Лжец кивнул. Он остался недвижим, даже не дернулся, но Барбаросса отчетливо ощутила его мысленный кивок, короткий и ободряющий.
До перемены блюд у господина Цинтанаккара всего девять минут.
«Хер с ним! — огрызнулась Барбаросса, — Не голову же он мне откусит! «Сестрички» порешат меня гораздо раньше. Эта штука, с которой они возятся, как свора девственниц с хером, это не дедушкина аркебуза, это…»
Файгеваффе. Я знаю.
«Откуда?»
По меньшей мере четверть часа мы лежали с одном мешке. И знаешь, что? Лучше бы тебе не проверять на себе его настроение. Поверь мне, этот парень кипит от злости так, что раскаленный металл по сравнению с ним покажется тебе стылой жижей, словно сам князь Пюклер[8] кончил тебе на ладонь!
Барбаросса покосилась в сторону «сестричек». Обступив Жеводу, те восхищенно разглядывали Файгеваффе и — черт возьми! — в эту минуту напоминали девчонок, увидевших у подруги новую куклу. Если кто-то и смотрел на нее сейчас, так это Фальконетта. Небольшое утешение. Едва ли Фальконетта имеет достаточные познания в Хейсткрафте, чтобы читать мысли, но ей это и не надо. Даже если сестрица Барби попытается отклеиться от пола, она не успеет сделать и шага, как гикающая стая настигнет ее и разорвет в клочья. Нечего и думать уйти от них в темных закоулках «Хекенкесселя», когда твое тело похоже на хорошую отбивную…

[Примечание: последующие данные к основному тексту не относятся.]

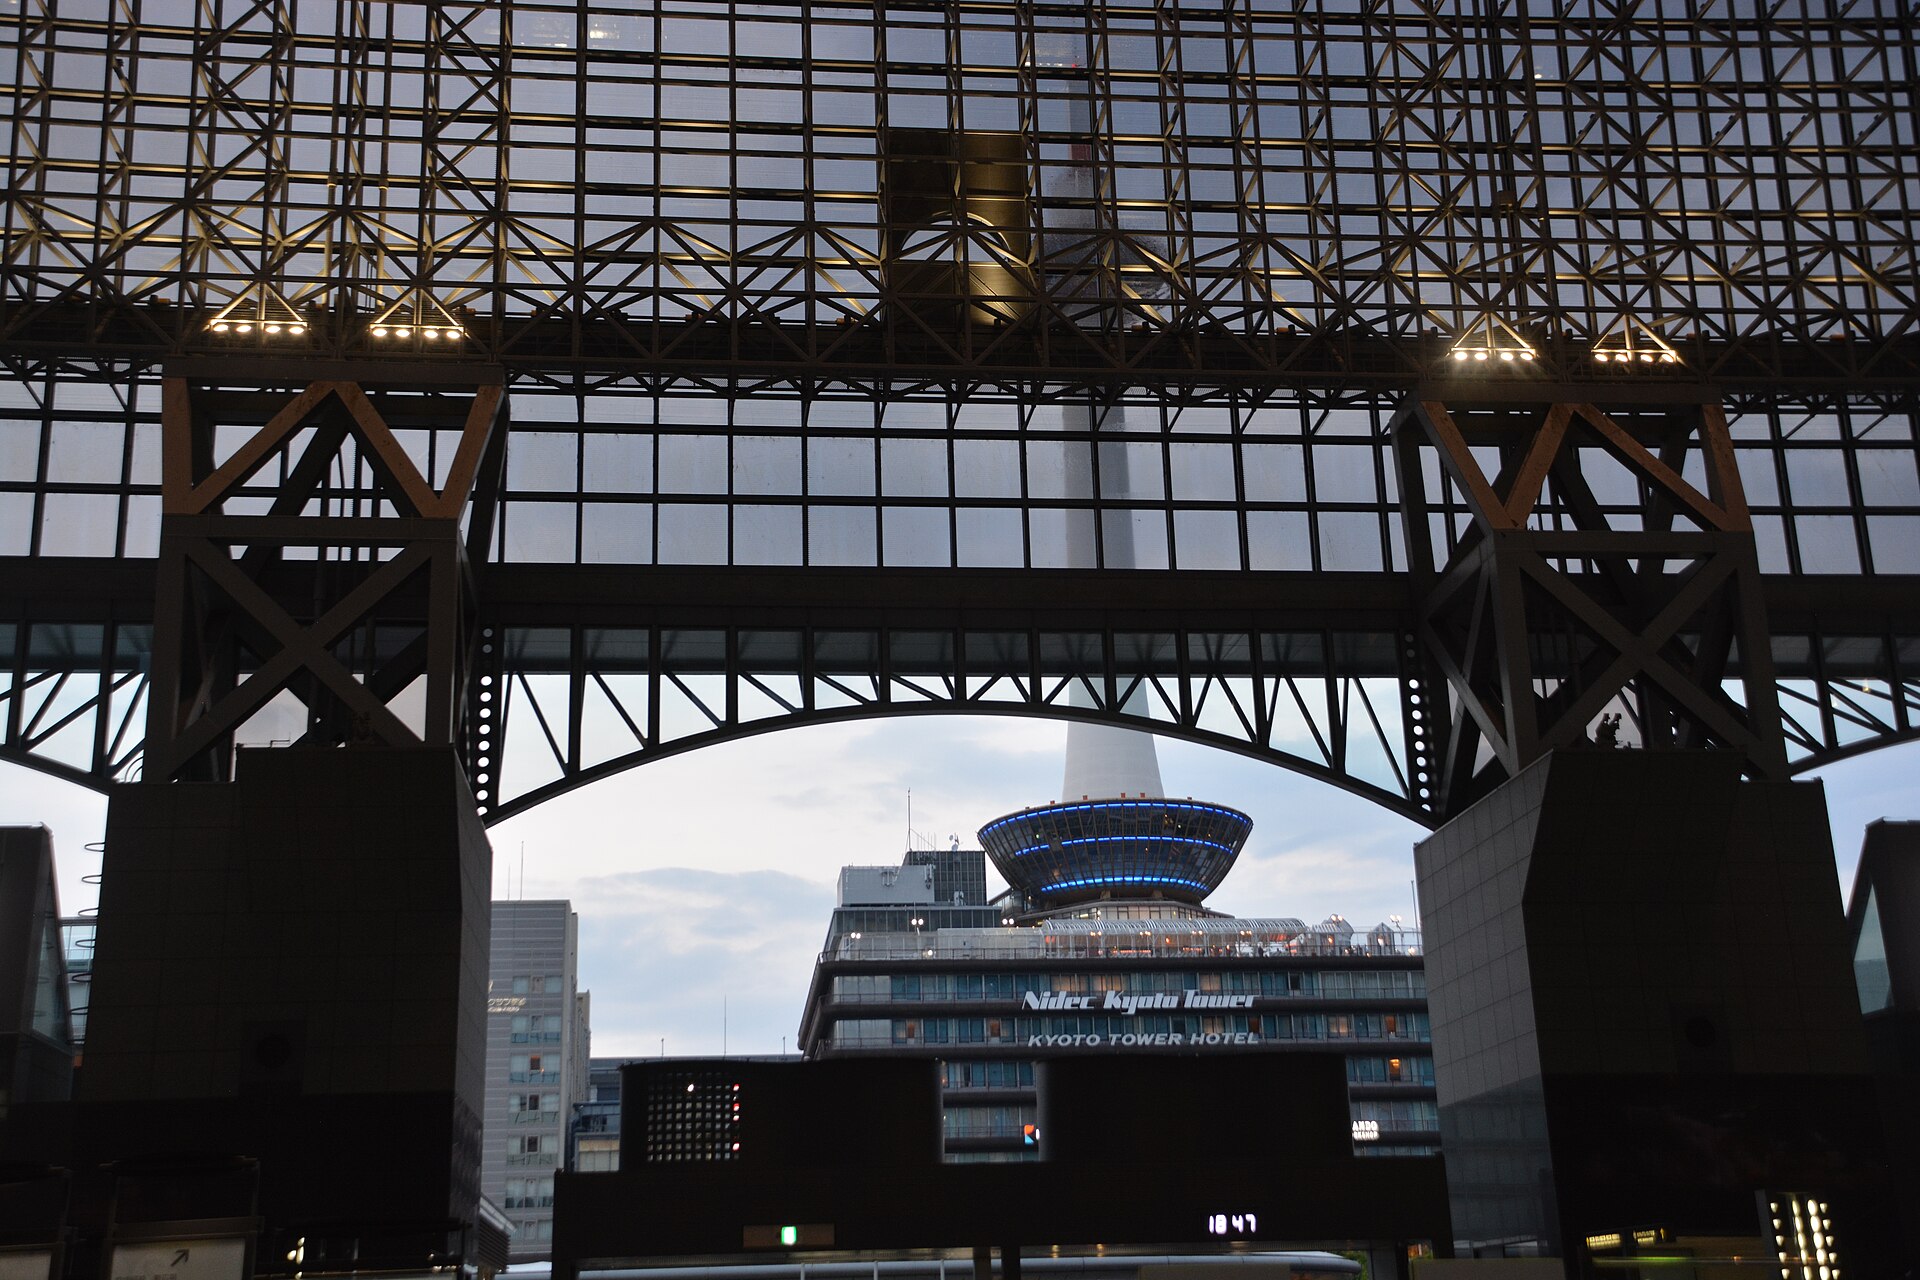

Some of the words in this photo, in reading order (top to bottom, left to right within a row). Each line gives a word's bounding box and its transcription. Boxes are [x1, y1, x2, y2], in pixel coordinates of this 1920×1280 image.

[1022, 990, 1097, 1010] Nidec
[1103, 990, 1179, 1014] Kyoto
[1183, 989, 1260, 1008] Tower
[1028, 1033, 1101, 1047] KYOTO
[1109, 1033, 1182, 1046] TOWER
[1190, 1032, 1259, 1045] HOTEL

Быстрые твари, с отвращением пробормотал Лжец.
Верно, вынуждена была признать Барбаросса. Эти мадемуазели, с восхищением разглядывающие зачарованный пистолет, не пантеры и не львицы — они крысы. Шныряющие в переулках мелкие хищницы, уповающие на скорость и дерзость, не на силу. Черт, она даже пернуть не успеет — демон внутри бандалета набросится на нее, как голодный катцендрауг и…
К слову, его зовут Эиримеркургефугль, вставил Лжец. На адском наречии это означает что-то вроде «Пустынный Стервятник» или что-то сродни тому…
«Да хоть Генриетта Гендель-Шютц[9]! — выплюнула Барбаросса, не скрывая злости, — Мне похер, как его зовут! Похер, как зовут его братиков, сестричек и любимую бабушку! Раз уж ты воображаешь себя записным умником, Лжец, мог бы сообразить, как нам вырваться из этой блядской истории.
«Сестрички» резвились с пистолетом, словно затейливее игрушки в жизни не видели. Сперва Тля приложила его к губам на манер флейты и принялась изображать, будто играет, насвистывая при этом «Горящие дырки» — песню, сочиненную какими-то броккенбургскими чертовками в насмешку над «Горящими сердцами[10]». Выходило паскудно, но музыкально — Ад явно не поскупился на музыкальный слух для этой суки. Катаракта, завладевшаябандолетом следующей, принялась томно облизывать юрким язычком его ствол, известно что изображая, и облизывала так ловко, что прочие «сестрички» принялись наперебой охать, картинно хватаясь за пах и постанывая. Вот бы он сейчас пальнул, рассеянно подумала Барбаросса. Чтобы череп Катаракты лопнул, а всех ее подруг окатило розовой слизью и мелким костяным крошевом…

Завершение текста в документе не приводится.